Cllr Dunning, a Conservative member of Lymington and Pennington Town Council, was more than happy to rub shoulders with fellow members of the party faithful.

But Lymington’s first citizen is today at the centre of a “dinnergate” row after it emerged that his two tickets were funded by the taxpayer.

On Friday the Tory-run council apologised for what it called an “innocent and genuine error” and said there was never any intention to misuse public money.

But Cllr Dunning is facing calls to resign as mayor and issue a public apology – despite agreeing to reimburse the authority.

The £25-a-head fundraiser was held at the South Lawn Hotel in Lymington Road, Milford on Sea, and included a speech by Fareham MP Suella Fernandes.

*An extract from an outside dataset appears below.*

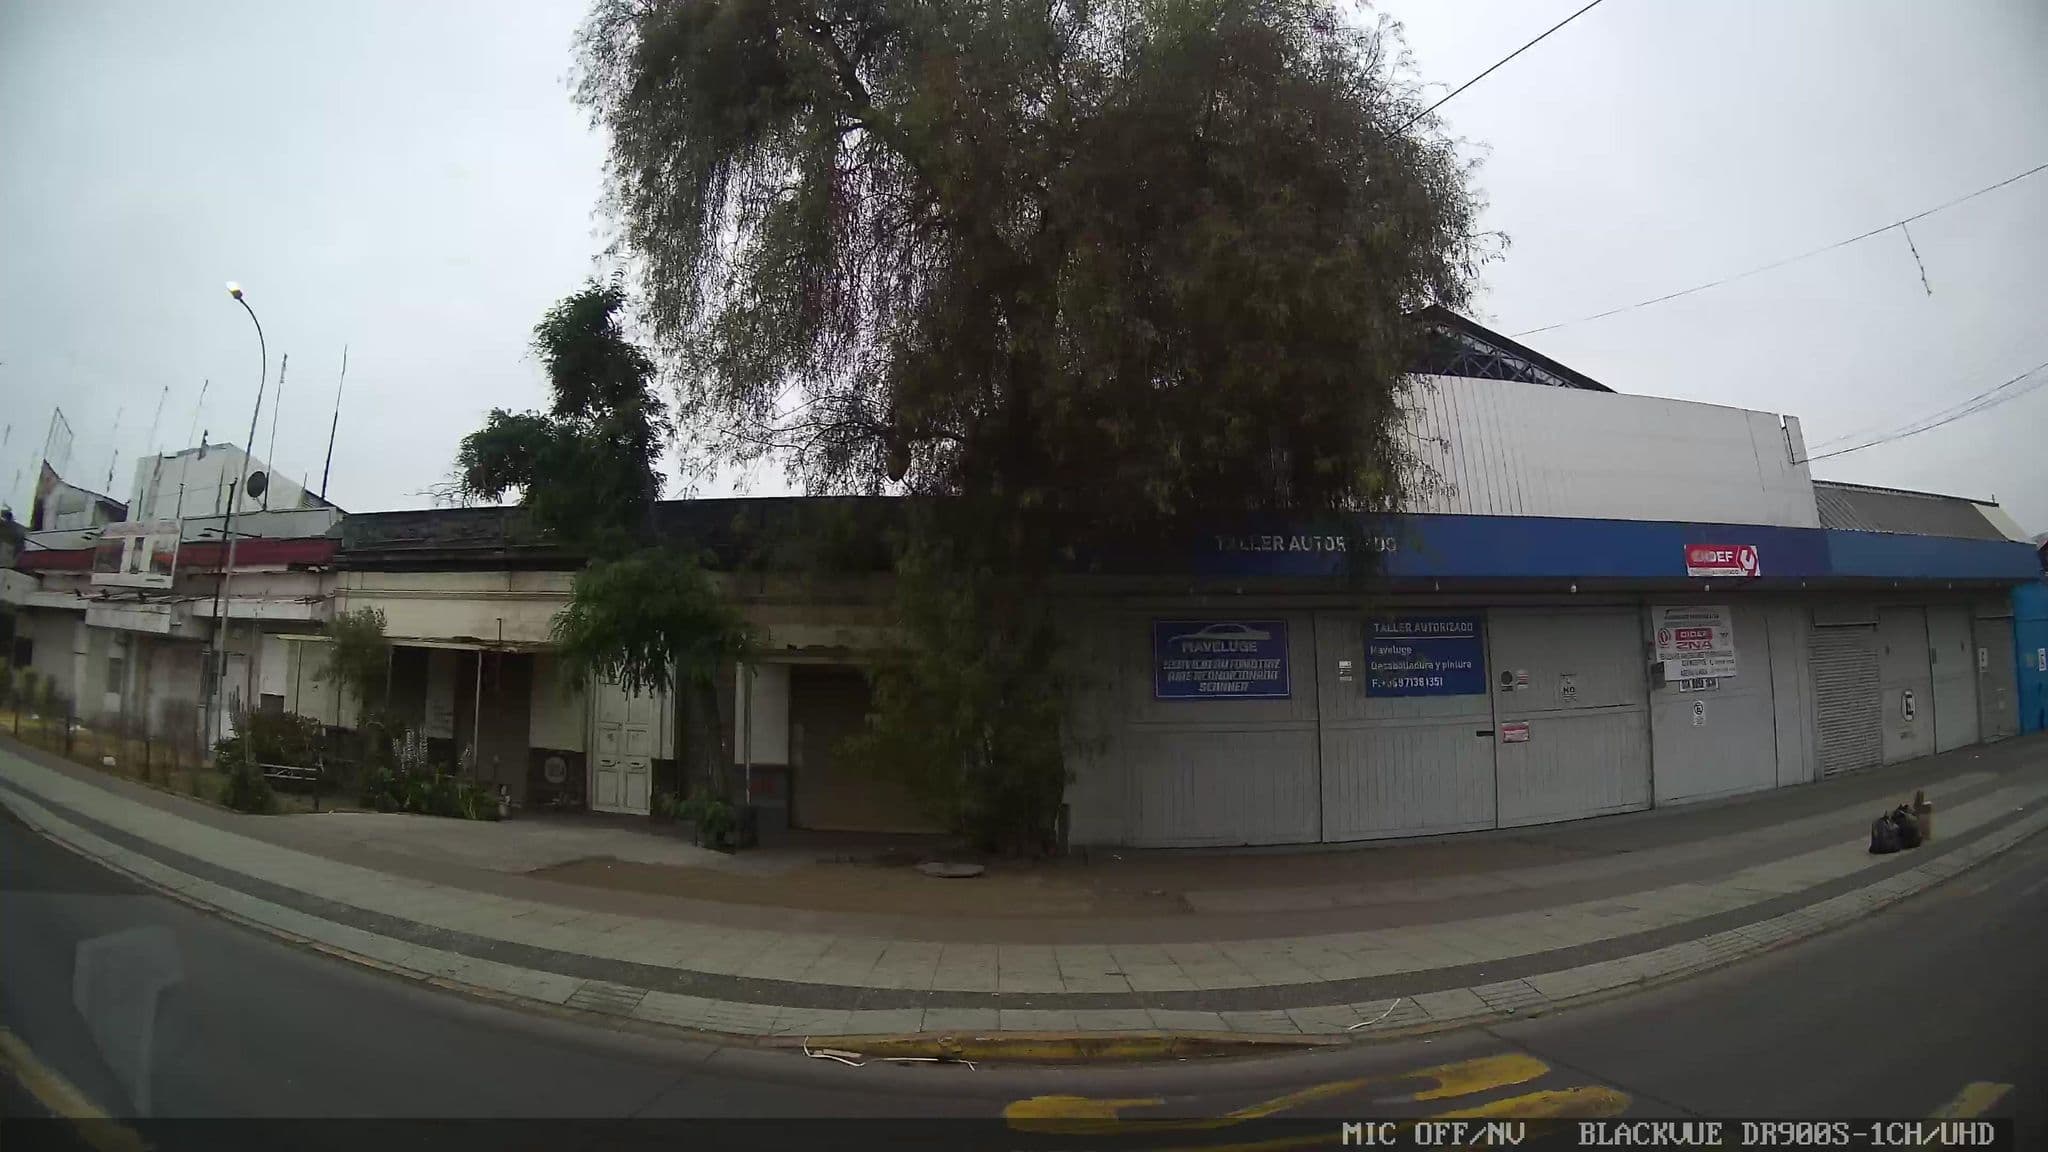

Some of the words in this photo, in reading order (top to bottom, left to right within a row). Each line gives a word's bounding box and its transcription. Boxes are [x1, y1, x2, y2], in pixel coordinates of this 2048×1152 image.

Jack Davies, the only Liberal Democrat on the council, said £50 of taxpayers’ cash was used to pay for tickets to New Forest West Conservative Association’s Red, White and Blue Dinner last November.

Cllr Davies complained that the authority had effectively given public money to a political party.

He added: “I’m calling on the mayor to do the decent thing and resign from his position to allow somebody else to take the reins.”

Cllr Davies is also urging Cllr Dunning to apologise to residents, saying the mayor should have paid for the tickets out of his own pocket.

The town clerk, Caroline Godfrey, said the invitation was one of many he received last year.

She added: “It was treated by town council staff as an invite to the mayor in his official capacity as civic leader. The ticket price was paid for out of the mayor’s allowance and authorised by myself.”

Mrs Godfrey said she returned from leave on Monday and was told about the complaint lodged by Cllr Davies.

She added: “I investigated and established it had been a Conservative-only invite list. I asked the mayor to repay the full amount to the council, which he did immediately.

“This was an innocent and genuine error. There was never any intent to misuse public funds in any way.”

Last night Cllr Dunning, who attended the dinner with his wife Carol, refused to stand down, saying it was an office error and “not a resigning matter”.

John O’Connell, chief executive of the TaxPayers’ Alliance, added: “Residents will be pleased that the money has rightly been returned.

“But it is of paramount importance that public officials do not spend a single penny of taxpayers’ money on any sort of political activity. That is simply unacceptable and our elected representatives need to be mindful of this.”

Emma Lane, chairman of the association, said: “It was a misunderstanding that has now been rectified. To me it’s a non-issue.”